Hawksley : Avant que la législation ne soit adoptée, les boulangers utilisaient le vert arsenic comme un colorant alimentaire populaire. Parfois, un boulanger recevait de la farine ou du sucre contenant de l’arsenic sans le savoir, mais d’autres fois, il était utilisé comme agent de charge. Vous ne croiriez pas le genre de choses que l’on mettait dans les aliments de l’époque victorienne comme agents de charge. Il n’y avait pas que l’arsenic, il y avait plein de choses bizarres. La farine était chère, alors ils avaient recours à l’ajout d’autres choses.

Il y avait un orphelinat à Boston et tous ces petits enfants devenaient vraiment, vraiment malades et ils ne savaient pas pourquoi. Il s’est avéré que les infirmières portaient des uniformes bleus teintés à l’arsenic et qu’elles berçaient les enfants qui, à leur tour, inhalaient les particules de colorant.

C’est une autre chose, aussi : Le vert est une couleur qui a toujours été considérée comme le coupable, simplement parce qu’elle était si désirable à l’époque, mais beaucoup d’autres couleurs utilisaient aussi de l’arsenic. Lorsque les Archives nationales ont effectué des tests sur les papiers peints William Morris, toutes les couleurs contenaient de l’arsenic dans une certaine mesure. Ces couleurs étaient exceptionnellement belles, et jusqu’à ce point, ce n’était pas quelque chose qu’ils pouvaient réaliser sans l’utilisation de l’arsenic.

Rae : Y a-t-il encore des vestiges de l’exploitation de l’arsenic aujourd’hui ?

Hawksley : C’est drôle parce que pendant que je faisais mes recherches, j’avais une conversation avec une femme âgée sur mon travail. Elle avait des souvenirs d’avoir grandi dans les années 30 près d’une ville qui avait eu une mine de cuivre en activité à proximité. Sa mère lui avait dit de ne pas faire pousser de légumes, car à l’époque, on avait pris conscience des dangers de la poussière d’arsenic et on savait qu’elle était présente dans le sol.
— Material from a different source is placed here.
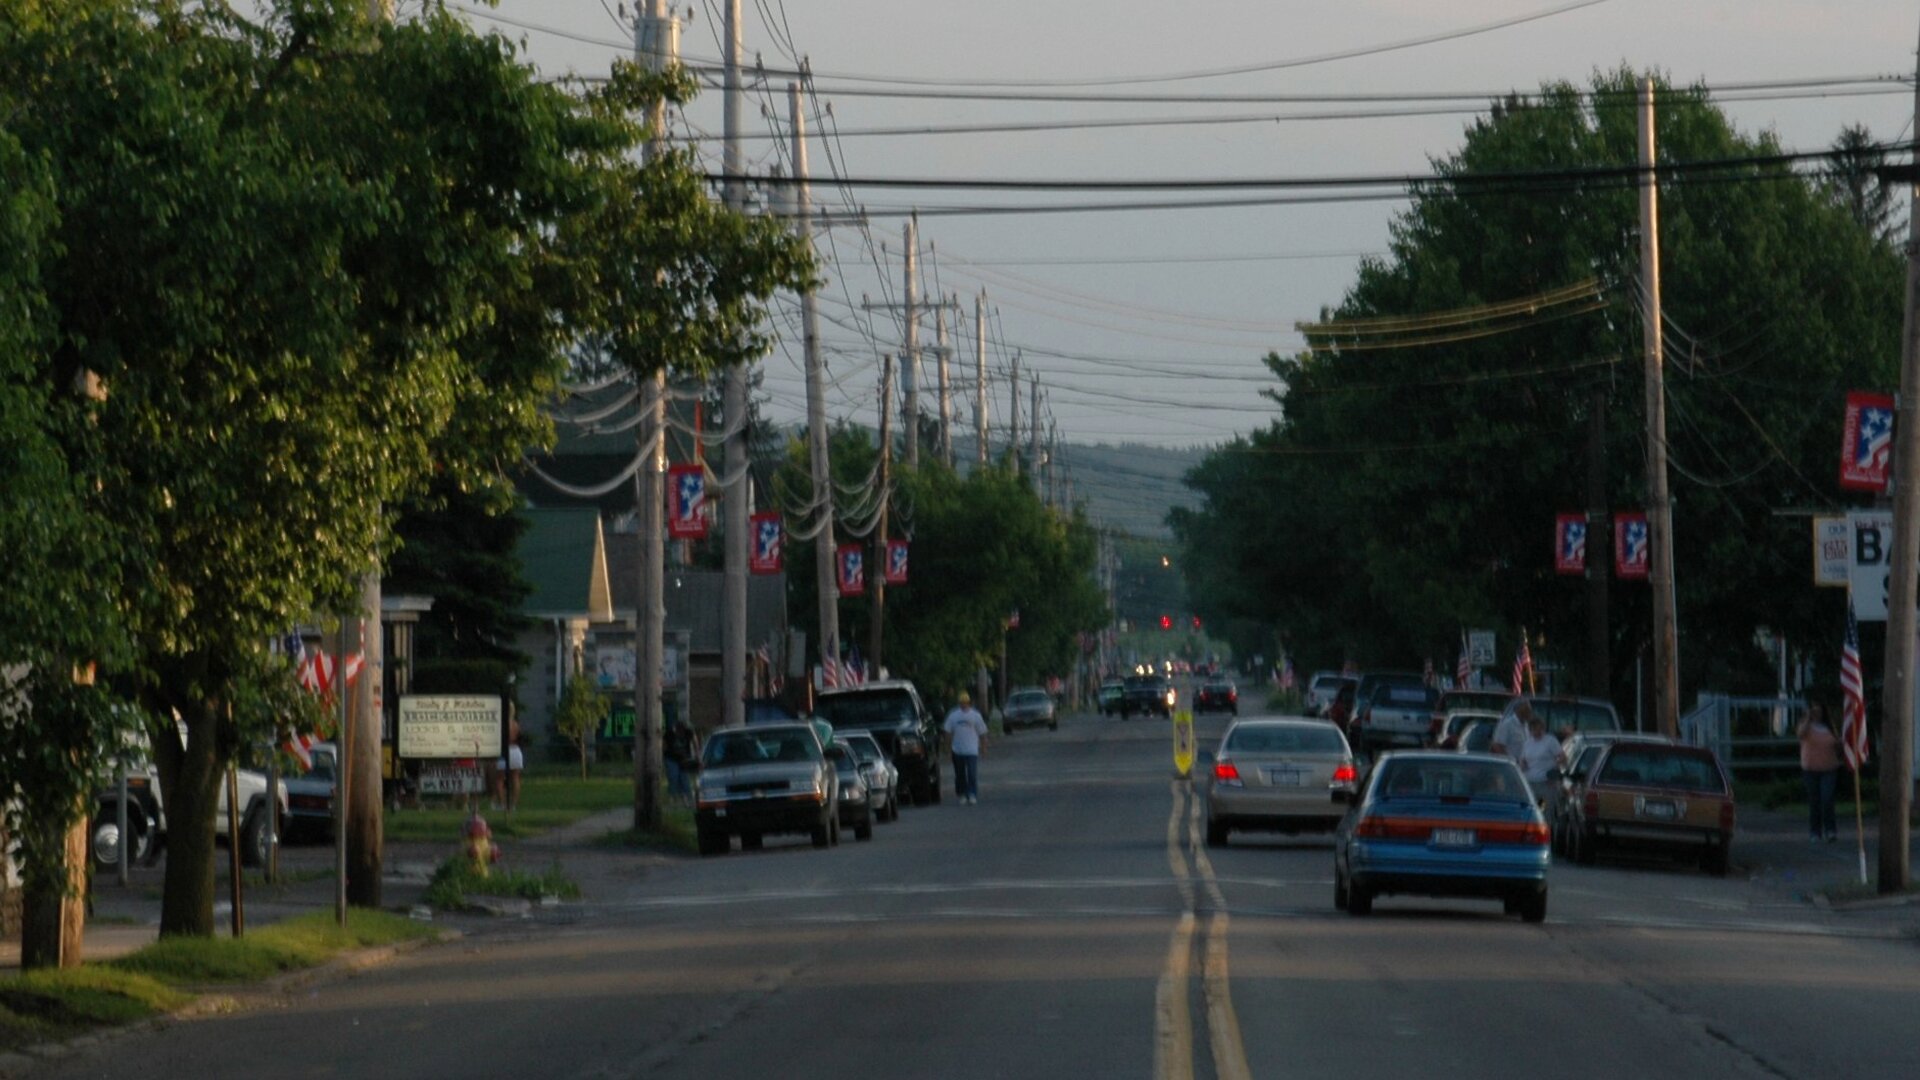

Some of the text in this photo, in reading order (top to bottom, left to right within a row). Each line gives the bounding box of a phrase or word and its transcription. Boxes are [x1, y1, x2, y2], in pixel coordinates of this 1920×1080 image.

Mais pendant longtemps, les personnes vivant près des mines de cuivre n’avaient aucune idée que de la poussière d’arsenic tombait sur le sol, et donc que leurs cultures absorbaient toute cette poussière d’arsenic. Beaucoup de gens tombaient malades, mais personne ne semblait comprendre pourquoi. Je suis sûr que cela a dû être le cas avec des mines de ce genre dans le monde entier.